From 5 timezones to the West I'm getting a blank page using HTTP. Maybe some regional issue?
Now also with the VPN back to CET I'm getting the blank page. Redirect is gone. Maybe someone fixed it?
1 Like
Seems to be some DNS issues. Now I get correct reply 3 out of 4 DNS requests, so it's improving
rg305
December 16, 2021, 1:10pm
9
Check your DNS settings.
cat /etc/resolv.conf
Seems like your local DNS system is failing you.
3 Likes
I deserved that for running dig/delv on my fw, hence running into issues with resolv.conf. Thank you for pointing it out
The real reason for my problem was caused by a DNS blocklist enabled on our servers. Blocklist.site/Malware added r3.o.lencr.org as a malware site about a month ago, and any certificates reissued since failed to get ocsp data.
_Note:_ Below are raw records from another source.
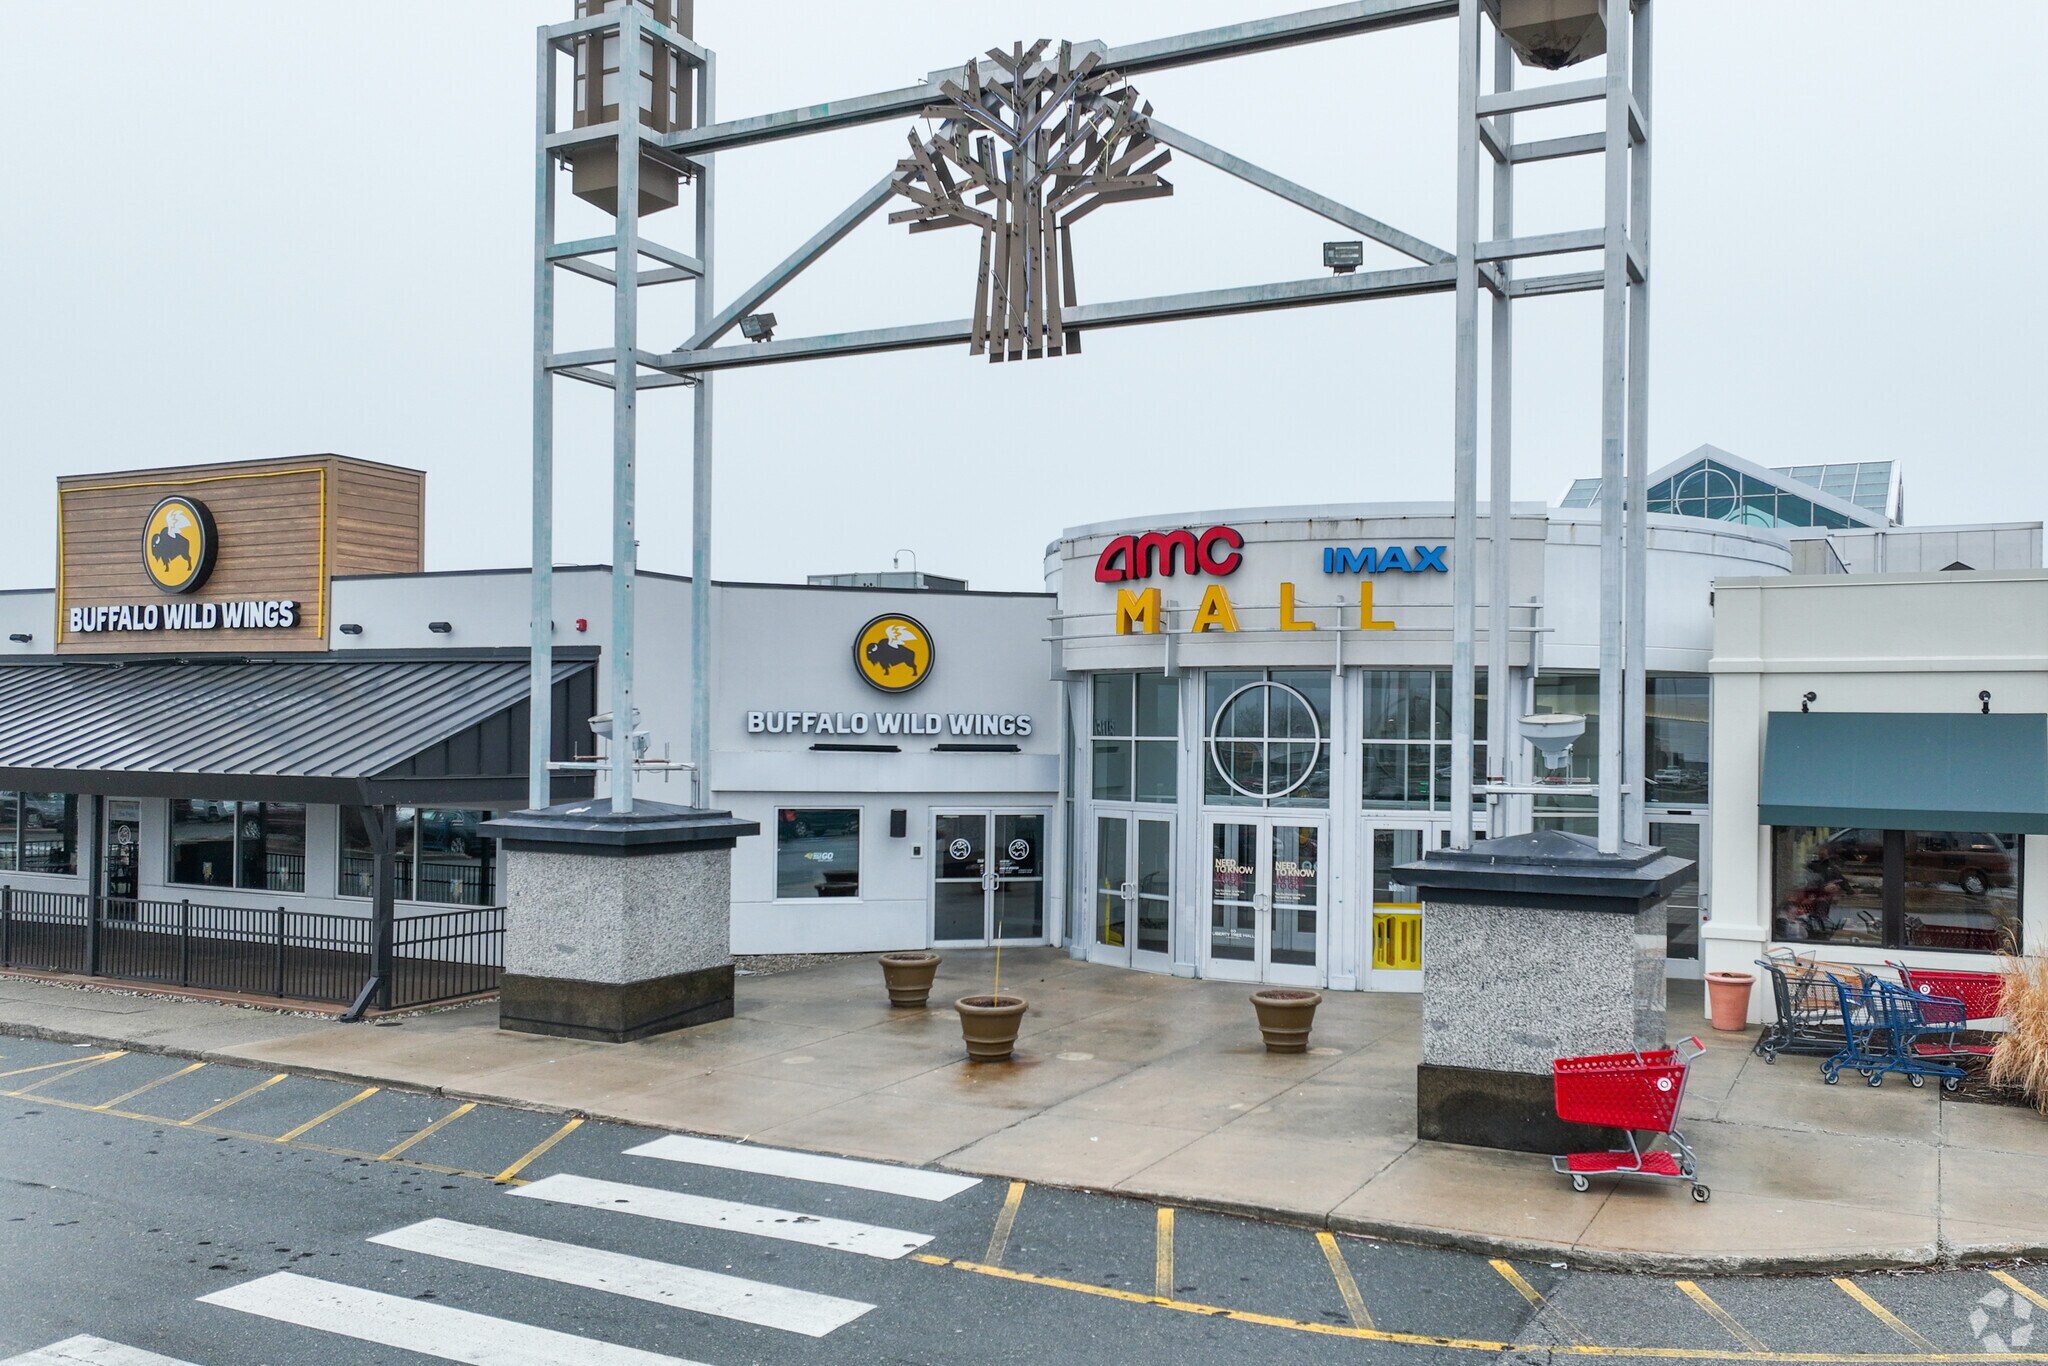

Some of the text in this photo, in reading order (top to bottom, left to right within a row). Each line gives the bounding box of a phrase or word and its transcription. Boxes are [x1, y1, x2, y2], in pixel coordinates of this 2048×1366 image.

[1094, 525, 1449, 583] AMC IMAX
[69, 600, 298, 633] BUFFALO WILD WINGS
[1115, 581, 1396, 635] MALL
[747, 711, 1033, 737] BUFFALO WILD WINGS
[1215, 858, 1236, 867] NEED
[1215, 866, 1254, 875] TO KNOW
[1275, 861, 1297, 870] NEED
[1276, 869, 1315, 878] TO KNOW
Bogus blocklist is disabled now and everything works
Thanks all!!
6 Likes
Osiris
December 16, 2021, 6:26pm
11
Well, I too was getting a redirect without any block list, so not sure if it was just the block list or perhaps a hick-up at Akamai.
2 Likes
system
Closed
January 15, 2022, 6:27pm
12
This topic was automatically closed 30 days after the last reply. New replies are no longer allowed.